Certains pays comme l’Allemagne ont déjà fait passer ce type de loi…
Nikos Smyrnaios Oui, mais la loi en Allemagne
concerne uniquement la diffusion du discours haineux, raciste et
l’incitation à la violence, choses dont les juges ont l’habitude de
s’occuper. Par ailleurs, elle n’est pas limitée à la campagne électorale
et elle prévoit de grosses amendes pour des plateformes en cas de
non-respect. Le but recherché est donc de pousser ces sites à agir de
manière préventive. Le résultat est que les comptes de deux députés du
parti d’extrême droite AfD ont été suspendus temporairement mais aussi
celui d’un magazine satirique. Il peut y avoir des bavures quand les
plateformes font du zèle pour préserver leur image sans qu’il y ait
nécessairement intervention judiciaire.
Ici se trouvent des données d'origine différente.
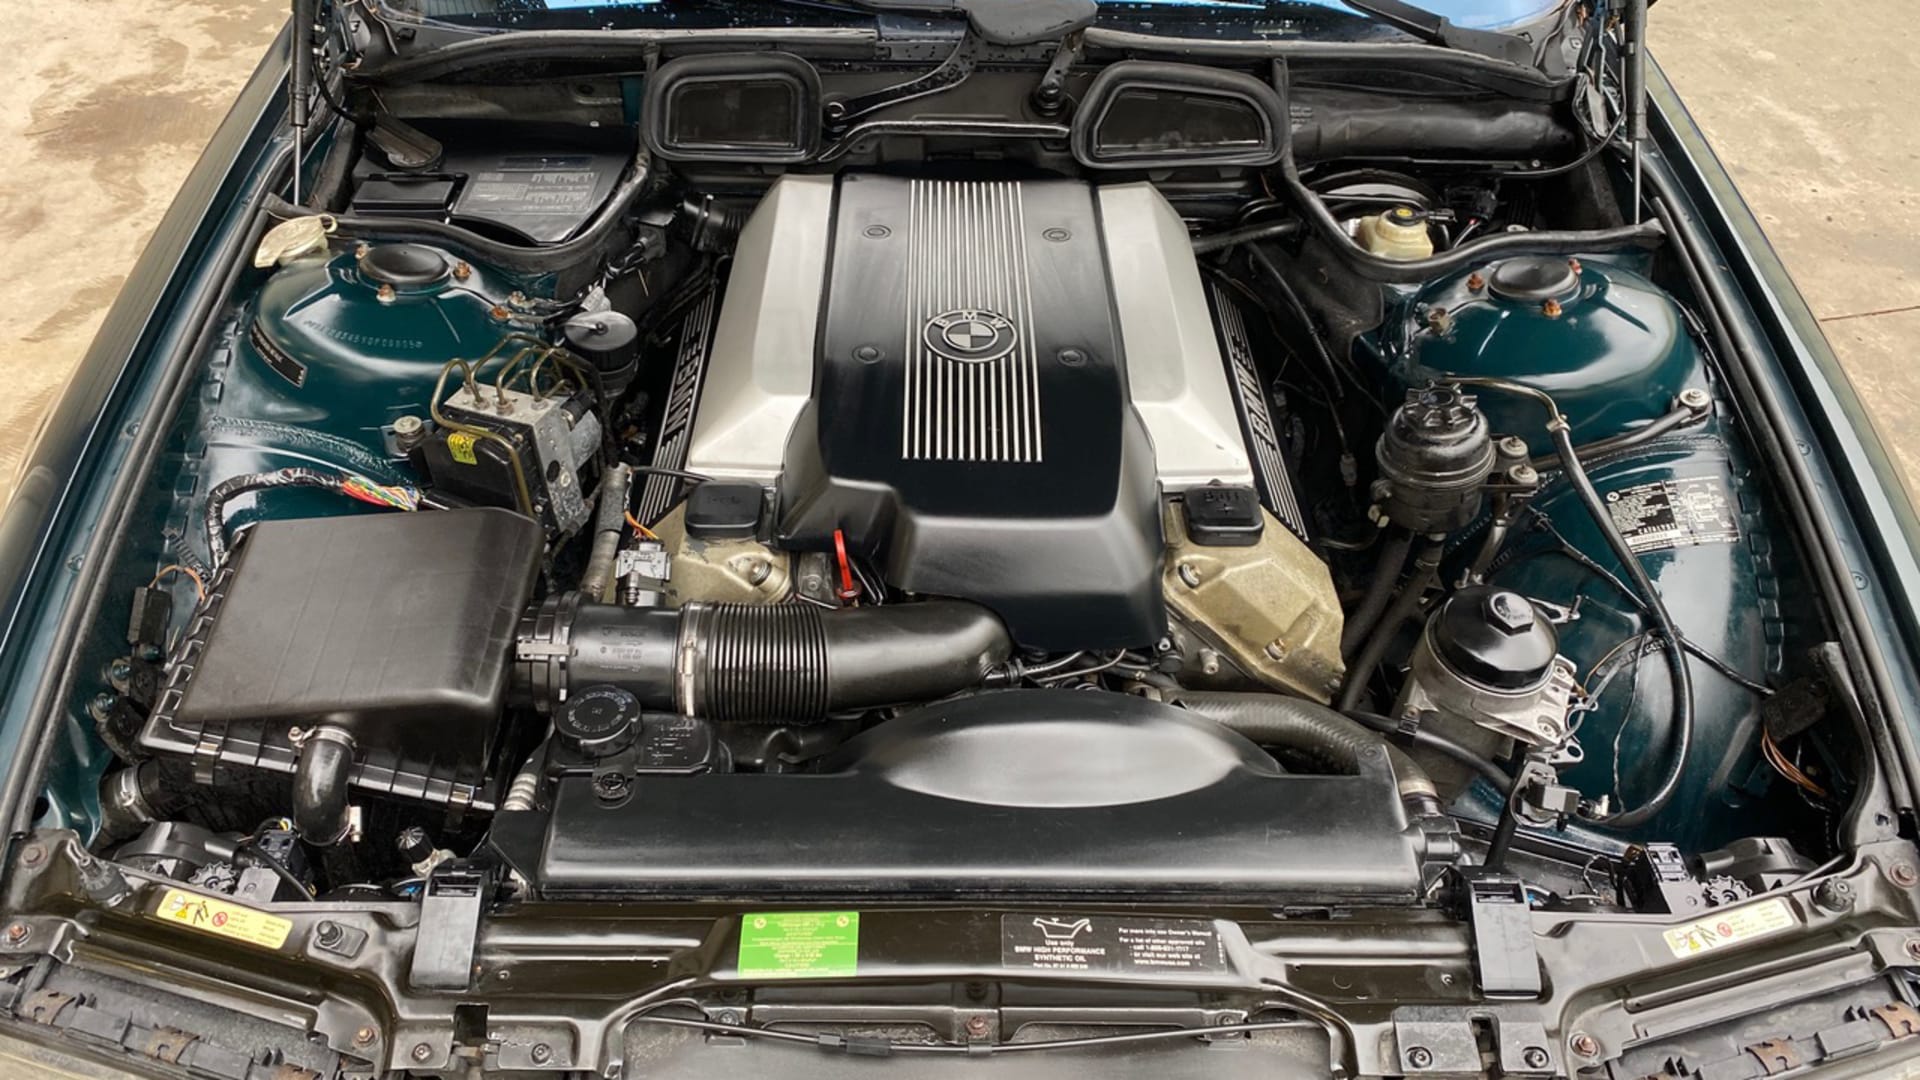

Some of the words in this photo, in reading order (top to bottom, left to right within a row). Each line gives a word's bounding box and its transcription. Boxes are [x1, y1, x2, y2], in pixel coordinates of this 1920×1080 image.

Le problème est que leurs
décisions se prennent dans l’opacité et l’arbitraire le plus total.
Autre exemple aux États-Unis, plusieurs sites d’information de gauche
parmi lesquels les très sérieux et populaires Democracy Now ! et
AlterNet, se sont vus relégués au fin fond de résultats de Google à la
suite de mesures que celui-ci a prises pour contrer la désinformation.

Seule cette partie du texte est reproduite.